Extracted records
· · · · · · ·

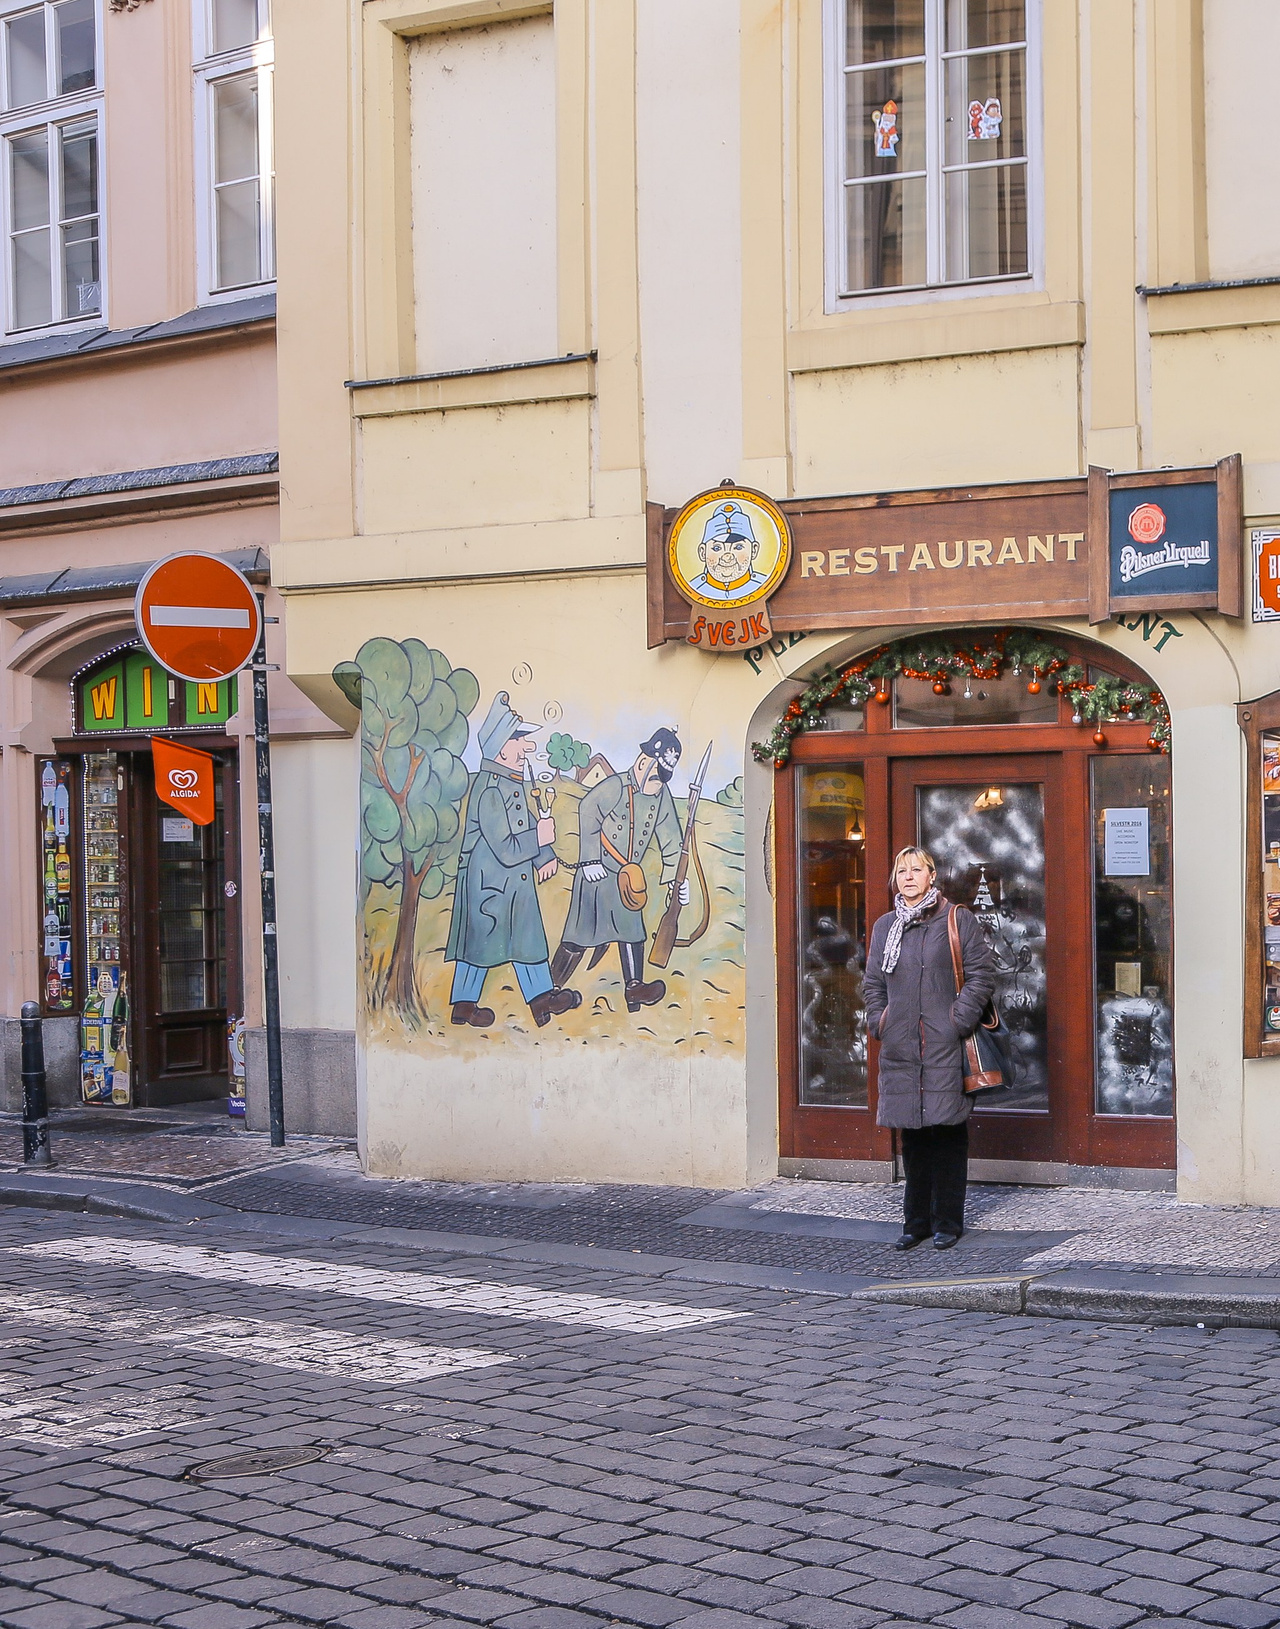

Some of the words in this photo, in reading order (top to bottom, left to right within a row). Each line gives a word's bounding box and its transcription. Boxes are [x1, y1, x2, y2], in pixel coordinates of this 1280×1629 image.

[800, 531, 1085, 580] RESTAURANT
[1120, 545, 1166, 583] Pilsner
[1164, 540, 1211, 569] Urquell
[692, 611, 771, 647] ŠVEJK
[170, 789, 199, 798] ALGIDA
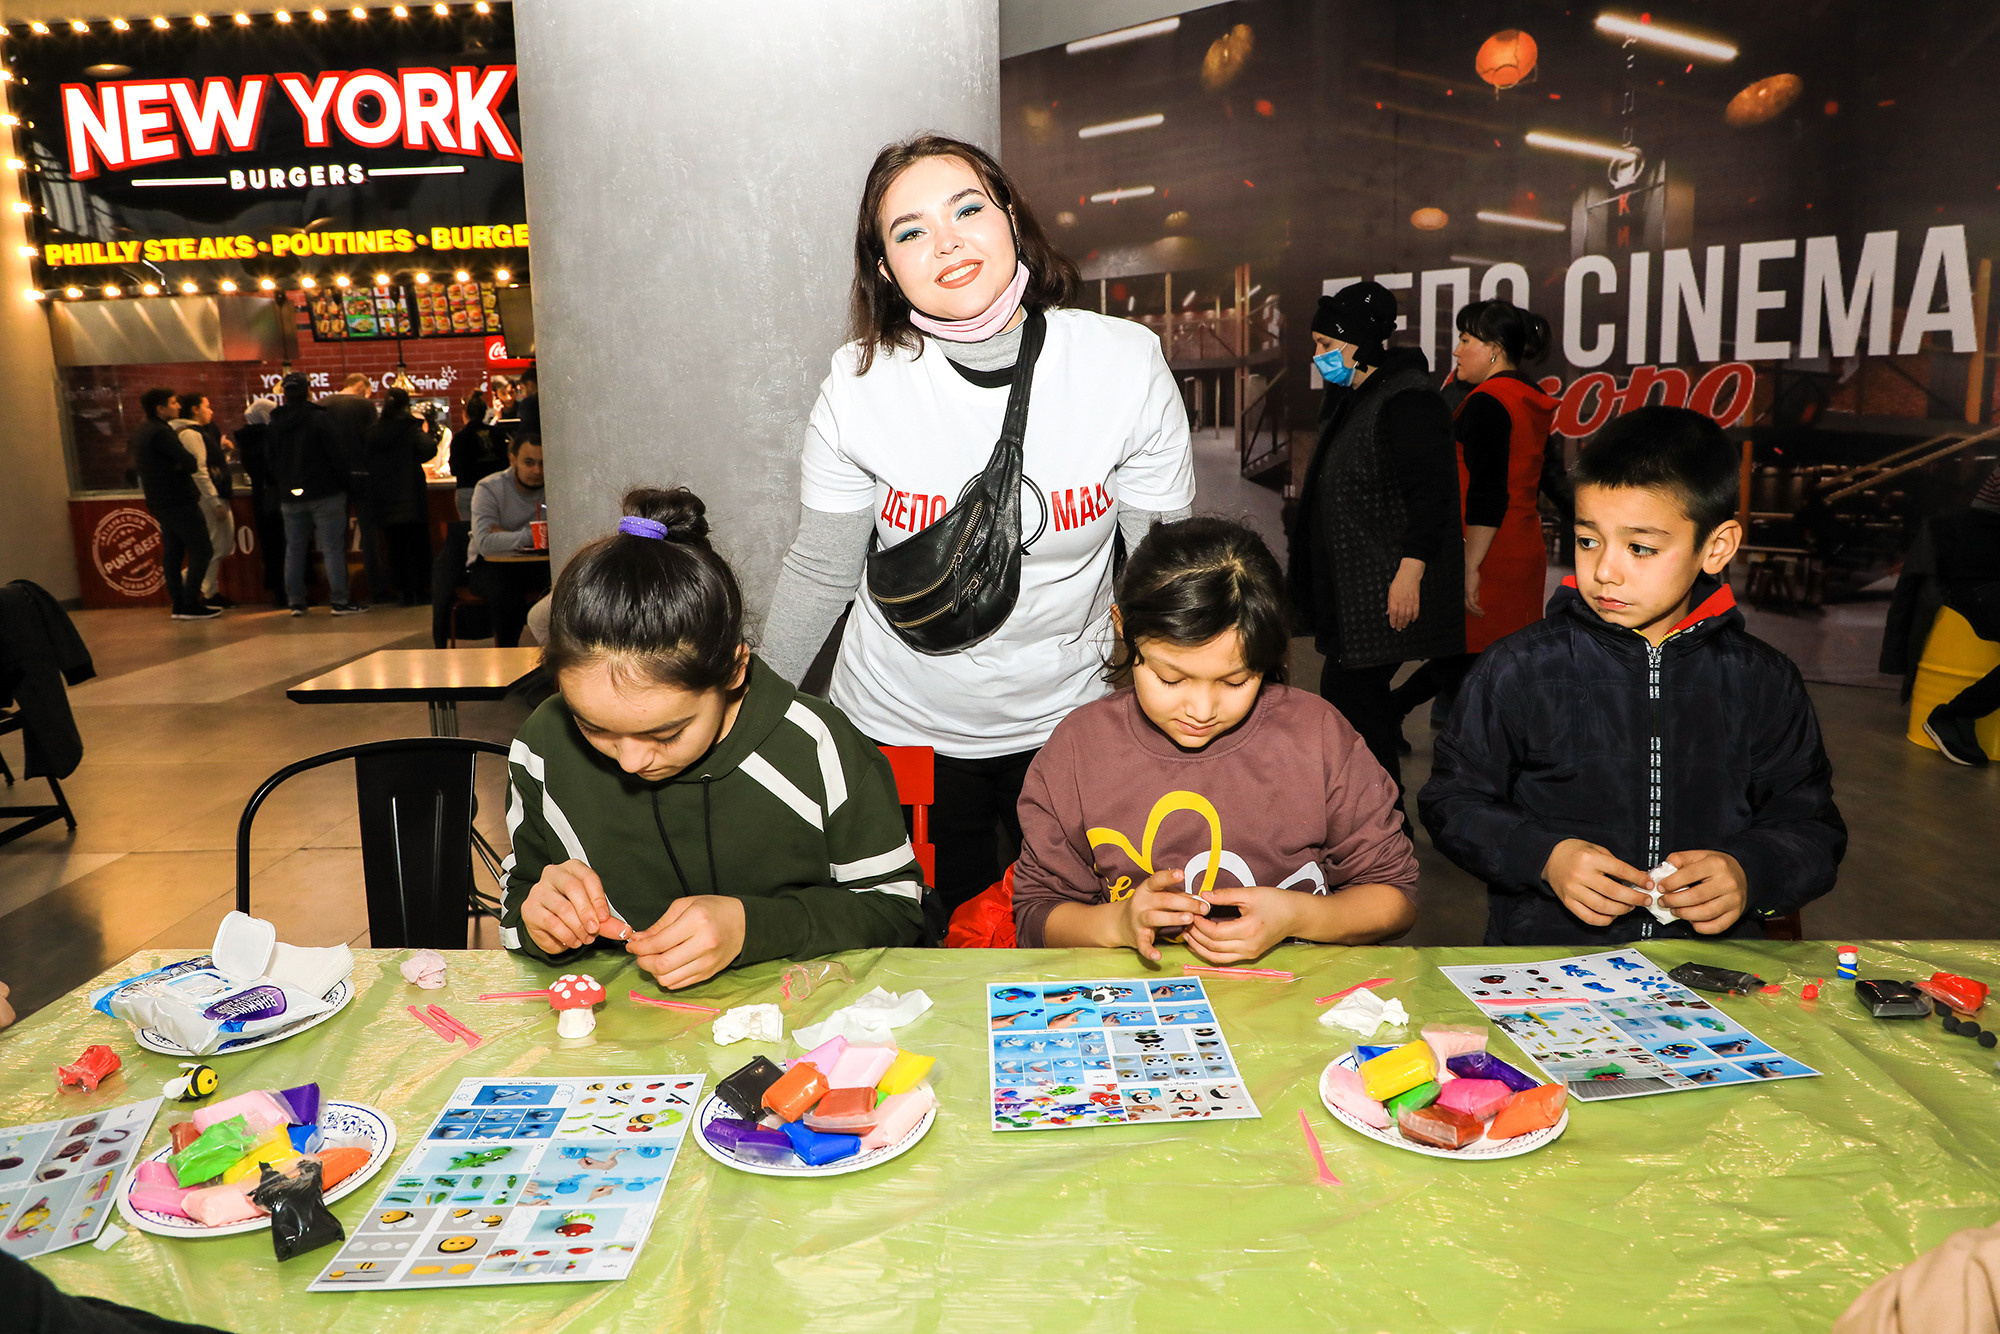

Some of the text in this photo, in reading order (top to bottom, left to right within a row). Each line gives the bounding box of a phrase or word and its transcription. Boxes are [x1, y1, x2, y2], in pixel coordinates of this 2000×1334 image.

· · · · · · ·

Exercise instructions.
Reprint each of the records exactly and skip the images.

Answer space.
Some of the words in this photo, in reading order (top to bottom, left to right within a row). Each line gives a word's bounding box and its transcription. Boxes are [x1, y1, x2, y2], in pixel coordinates of this 1280×1629 image.

[800, 531, 1085, 580] RESTAURANT
[1120, 545, 1166, 583] Pilsner
[1164, 540, 1211, 569] Urquell
[692, 611, 771, 647] ŠVEJK
[170, 789, 199, 798] ALGIDA

Some of the text in this photo, in reading order (top to bottom, left to right within a row). Each line gives the bounding box of a phrase or word and its transcription. Boxes are [x1, y1, x2, y2], in pixel coordinates of this 2000×1334 image.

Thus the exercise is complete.